◆ Work to be completed ◆
Retype the data in its entirety, with no word changed.

Extracted records:
.....

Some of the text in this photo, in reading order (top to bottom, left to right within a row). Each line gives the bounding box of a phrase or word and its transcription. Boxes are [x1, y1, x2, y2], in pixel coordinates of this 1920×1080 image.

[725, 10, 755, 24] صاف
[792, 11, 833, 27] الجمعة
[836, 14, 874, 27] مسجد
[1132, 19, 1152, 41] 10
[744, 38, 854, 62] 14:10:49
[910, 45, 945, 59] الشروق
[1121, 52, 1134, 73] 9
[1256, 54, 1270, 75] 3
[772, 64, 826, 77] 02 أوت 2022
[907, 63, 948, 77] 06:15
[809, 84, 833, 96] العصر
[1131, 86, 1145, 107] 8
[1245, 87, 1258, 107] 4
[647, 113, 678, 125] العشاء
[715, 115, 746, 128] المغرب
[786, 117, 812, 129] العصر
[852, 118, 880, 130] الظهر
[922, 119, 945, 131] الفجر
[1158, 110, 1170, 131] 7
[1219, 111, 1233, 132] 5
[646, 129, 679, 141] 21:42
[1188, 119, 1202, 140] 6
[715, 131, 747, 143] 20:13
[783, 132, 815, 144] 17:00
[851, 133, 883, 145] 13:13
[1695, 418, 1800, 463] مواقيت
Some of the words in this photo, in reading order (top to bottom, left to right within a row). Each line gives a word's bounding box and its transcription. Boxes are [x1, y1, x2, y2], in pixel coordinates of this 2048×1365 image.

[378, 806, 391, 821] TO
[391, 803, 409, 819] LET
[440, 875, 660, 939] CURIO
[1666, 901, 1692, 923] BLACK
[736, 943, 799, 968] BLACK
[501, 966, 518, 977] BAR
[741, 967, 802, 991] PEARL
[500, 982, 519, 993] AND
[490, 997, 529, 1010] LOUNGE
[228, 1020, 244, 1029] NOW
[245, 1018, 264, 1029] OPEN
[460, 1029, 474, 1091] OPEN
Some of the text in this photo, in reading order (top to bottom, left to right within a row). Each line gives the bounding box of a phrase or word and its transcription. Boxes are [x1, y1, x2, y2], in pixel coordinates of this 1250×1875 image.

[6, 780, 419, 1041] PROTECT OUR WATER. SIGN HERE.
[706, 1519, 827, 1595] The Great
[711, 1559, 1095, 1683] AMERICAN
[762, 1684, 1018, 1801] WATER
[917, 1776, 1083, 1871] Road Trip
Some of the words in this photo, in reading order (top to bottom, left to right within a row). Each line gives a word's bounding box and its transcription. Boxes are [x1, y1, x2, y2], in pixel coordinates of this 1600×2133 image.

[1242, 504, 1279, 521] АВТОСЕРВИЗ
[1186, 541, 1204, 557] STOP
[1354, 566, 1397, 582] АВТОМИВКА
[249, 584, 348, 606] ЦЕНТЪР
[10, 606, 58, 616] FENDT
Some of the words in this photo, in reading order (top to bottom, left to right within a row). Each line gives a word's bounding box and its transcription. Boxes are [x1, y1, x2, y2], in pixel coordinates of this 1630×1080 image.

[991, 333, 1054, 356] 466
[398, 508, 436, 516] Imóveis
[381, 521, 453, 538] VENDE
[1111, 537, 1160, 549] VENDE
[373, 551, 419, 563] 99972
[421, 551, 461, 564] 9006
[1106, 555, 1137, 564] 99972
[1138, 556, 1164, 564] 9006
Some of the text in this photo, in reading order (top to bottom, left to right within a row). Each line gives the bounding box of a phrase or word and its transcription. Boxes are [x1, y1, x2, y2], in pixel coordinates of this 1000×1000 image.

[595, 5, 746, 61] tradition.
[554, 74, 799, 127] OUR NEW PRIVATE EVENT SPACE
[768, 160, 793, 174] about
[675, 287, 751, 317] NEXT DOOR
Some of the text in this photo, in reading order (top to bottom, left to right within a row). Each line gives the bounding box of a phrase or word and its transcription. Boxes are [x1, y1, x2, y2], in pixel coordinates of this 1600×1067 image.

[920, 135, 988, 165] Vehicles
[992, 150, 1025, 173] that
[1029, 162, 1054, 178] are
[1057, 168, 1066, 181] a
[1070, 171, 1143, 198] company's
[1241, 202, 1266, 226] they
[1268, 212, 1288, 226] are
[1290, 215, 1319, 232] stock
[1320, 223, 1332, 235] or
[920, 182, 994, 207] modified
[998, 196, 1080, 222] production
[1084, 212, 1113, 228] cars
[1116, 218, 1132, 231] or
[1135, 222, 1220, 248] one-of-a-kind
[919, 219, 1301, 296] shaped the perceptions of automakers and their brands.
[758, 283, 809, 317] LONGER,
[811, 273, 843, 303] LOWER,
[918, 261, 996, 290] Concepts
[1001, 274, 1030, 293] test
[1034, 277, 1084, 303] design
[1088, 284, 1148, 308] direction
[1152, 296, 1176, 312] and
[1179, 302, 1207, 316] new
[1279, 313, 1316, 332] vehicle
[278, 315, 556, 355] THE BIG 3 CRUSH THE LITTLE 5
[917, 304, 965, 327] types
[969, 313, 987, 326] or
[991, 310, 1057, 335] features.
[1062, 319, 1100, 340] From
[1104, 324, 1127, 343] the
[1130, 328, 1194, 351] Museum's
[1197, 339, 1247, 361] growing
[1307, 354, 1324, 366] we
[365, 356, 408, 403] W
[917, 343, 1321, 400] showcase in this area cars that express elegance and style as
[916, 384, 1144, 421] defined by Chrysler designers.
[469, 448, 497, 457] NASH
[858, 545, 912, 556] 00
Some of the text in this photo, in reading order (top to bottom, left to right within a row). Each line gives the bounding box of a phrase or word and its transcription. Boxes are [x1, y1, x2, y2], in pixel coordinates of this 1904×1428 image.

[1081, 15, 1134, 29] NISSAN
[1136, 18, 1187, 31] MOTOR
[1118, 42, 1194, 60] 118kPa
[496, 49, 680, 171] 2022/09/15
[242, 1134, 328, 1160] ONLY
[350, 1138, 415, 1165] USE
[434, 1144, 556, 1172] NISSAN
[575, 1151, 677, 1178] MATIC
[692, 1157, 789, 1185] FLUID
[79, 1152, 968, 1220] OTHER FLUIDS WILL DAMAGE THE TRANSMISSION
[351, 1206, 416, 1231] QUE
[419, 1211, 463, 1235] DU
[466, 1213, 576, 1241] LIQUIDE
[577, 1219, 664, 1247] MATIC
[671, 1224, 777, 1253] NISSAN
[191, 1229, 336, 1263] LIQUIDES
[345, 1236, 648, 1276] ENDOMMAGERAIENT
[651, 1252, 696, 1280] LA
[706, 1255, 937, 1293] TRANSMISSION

.....

◆ Answer section ◆
Some of the text in this photo, in reading order (top to bottom, left to right within a row). Each line gives the bounding box of a phrase or word and its transcription. Boxes are [x1, y1, x2, y2], in pixel coordinates of this 1920×1080 image.

[725, 10, 755, 24] صاف
[792, 11, 833, 27] الجمعة
[836, 14, 874, 27] مسجد
[1132, 19, 1152, 41] 10
[744, 38, 854, 62] 14:10:49
[910, 45, 945, 59] الشروق
[1121, 52, 1134, 73] 9
[1256, 54, 1270, 75] 3
[772, 64, 826, 77] 02 أوت 2022
[907, 63, 948, 77] 06:15
[809, 84, 833, 96] العصر
[1131, 86, 1145, 107] 8
[1245, 87, 1258, 107] 4
[647, 113, 678, 125] العشاء
[715, 115, 746, 128] المغرب
[786, 117, 812, 129] العصر
[852, 118, 880, 130] الظهر
[922, 119, 945, 131] الفجر
[1158, 110, 1170, 131] 7
[1219, 111, 1233, 132] 5
[646, 129, 679, 141] 21:42
[1188, 119, 1202, 140] 6
[715, 131, 747, 143] 20:13
[783, 132, 815, 144] 17:00
[851, 133, 883, 145] 13:13
[1695, 418, 1800, 463] مواقيت
Some of the words in this photo, in reading order (top to bottom, left to right within a row). Each line gives a word's bounding box and its transcription. Boxes are [x1, y1, x2, y2], in pixel coordinates of this 2048×1365 image.

[378, 806, 391, 821] TO
[391, 803, 409, 819] LET
[440, 875, 660, 939] CURIO
[1666, 901, 1692, 923] BLACK
[736, 943, 799, 968] BLACK
[501, 966, 518, 977] BAR
[741, 967, 802, 991] PEARL
[500, 982, 519, 993] AND
[490, 997, 529, 1010] LOUNGE
[228, 1020, 244, 1029] NOW
[245, 1018, 264, 1029] OPEN
[460, 1029, 474, 1091] OPEN
Some of the text in this photo, in reading order (top to bottom, left to right within a row). Each line gives the bounding box of a phrase or word and its transcription. Boxes are [x1, y1, x2, y2], in pixel coordinates of this 1250×1875 image.

[6, 780, 419, 1041] PROTECT OUR WATER. SIGN HERE.
[706, 1519, 827, 1595] The Great
[711, 1559, 1095, 1683] AMERICAN
[762, 1684, 1018, 1801] WATER
[917, 1776, 1083, 1871] Road Trip
Some of the words in this photo, in reading order (top to bottom, left to right within a row). Each line gives a word's bounding box and its transcription. Boxes are [x1, y1, x2, y2], in pixel coordinates of this 1600×2133 image.

[1242, 504, 1279, 521] АВТОСЕРВИЗ
[1186, 541, 1204, 557] STOP
[1354, 566, 1397, 582] АВТОМИВКА
[249, 584, 348, 606] ЦЕНТЪР
[10, 606, 58, 616] FENDT
Some of the words in this photo, in reading order (top to bottom, left to right within a row). Each line gives a word's bounding box and its transcription. Boxes are [x1, y1, x2, y2], in pixel coordinates of this 1630×1080 image.

[991, 333, 1054, 356] 466
[398, 508, 436, 516] Imóveis
[381, 521, 453, 538] VENDE
[1111, 537, 1160, 549] VENDE
[373, 551, 419, 563] 99972
[421, 551, 461, 564] 9006
[1106, 555, 1137, 564] 99972
[1138, 556, 1164, 564] 9006
Some of the text in this photo, in reading order (top to bottom, left to right within a row). Each line gives the bounding box of a phrase or word and its transcription. Boxes are [x1, y1, x2, y2], in pixel coordinates of this 1000×1000 image.

[595, 5, 746, 61] tradition.
[554, 74, 799, 127] OUR NEW PRIVATE EVENT SPACE
[768, 160, 793, 174] about
[675, 287, 751, 317] NEXT DOOR
Some of the text in this photo, in reading order (top to bottom, left to right within a row). Each line gives the bounding box of a phrase or word and its transcription. Boxes are [x1, y1, x2, y2], in pixel coordinates of this 1600×1067 image.

[920, 135, 988, 165] Vehicles
[992, 150, 1025, 173] that
[1029, 162, 1054, 178] are
[1057, 168, 1066, 181] a
[1070, 171, 1143, 198] company's
[1241, 202, 1266, 226] they
[1268, 212, 1288, 226] are
[1290, 215, 1319, 232] stock
[1320, 223, 1332, 235] or
[920, 182, 994, 207] modified
[998, 196, 1080, 222] production
[1084, 212, 1113, 228] cars
[1116, 218, 1132, 231] or
[1135, 222, 1220, 248] one-of-a-kind
[919, 219, 1301, 296] shaped the perceptions of automakers and their brands.
[758, 283, 809, 317] LONGER,
[811, 273, 843, 303] LOWER,
[918, 261, 996, 290] Concepts
[1001, 274, 1030, 293] test
[1034, 277, 1084, 303] design
[1088, 284, 1148, 308] direction
[1152, 296, 1176, 312] and
[1179, 302, 1207, 316] new
[1279, 313, 1316, 332] vehicle
[278, 315, 556, 355] THE BIG 3 CRUSH THE LITTLE 5
[917, 304, 965, 327] types
[969, 313, 987, 326] or
[991, 310, 1057, 335] features.
[1062, 319, 1100, 340] From
[1104, 324, 1127, 343] the
[1130, 328, 1194, 351] Museum's
[1197, 339, 1247, 361] growing
[1307, 354, 1324, 366] we
[365, 356, 408, 403] W
[917, 343, 1321, 400] showcase in this area cars that express elegance and style as
[916, 384, 1144, 421] defined by Chrysler designers.
[469, 448, 497, 457] NASH
[858, 545, 912, 556] 00
Some of the text in this photo, in reading order (top to bottom, left to right within a row). Each line gives the bounding box of a phrase or word and its transcription. Boxes are [x1, y1, x2, y2], in pixel coordinates of this 1904×1428 image.

[1081, 15, 1134, 29] NISSAN
[1136, 18, 1187, 31] MOTOR
[1118, 42, 1194, 60] 118kPa
[496, 49, 680, 171] 2022/09/15
[242, 1134, 328, 1160] ONLY
[350, 1138, 415, 1165] USE
[434, 1144, 556, 1172] NISSAN
[575, 1151, 677, 1178] MATIC
[692, 1157, 789, 1185] FLUID
[79, 1152, 968, 1220] OTHER FLUIDS WILL DAMAGE THE TRANSMISSION
[351, 1206, 416, 1231] QUE
[419, 1211, 463, 1235] DU
[466, 1213, 576, 1241] LIQUIDE
[577, 1219, 664, 1247] MATIC
[671, 1224, 777, 1253] NISSAN
[191, 1229, 336, 1263] LIQUIDES
[345, 1236, 648, 1276] ENDOMMAGERAIENT
[651, 1252, 696, 1280] LA
[706, 1255, 937, 1293] TRANSMISSION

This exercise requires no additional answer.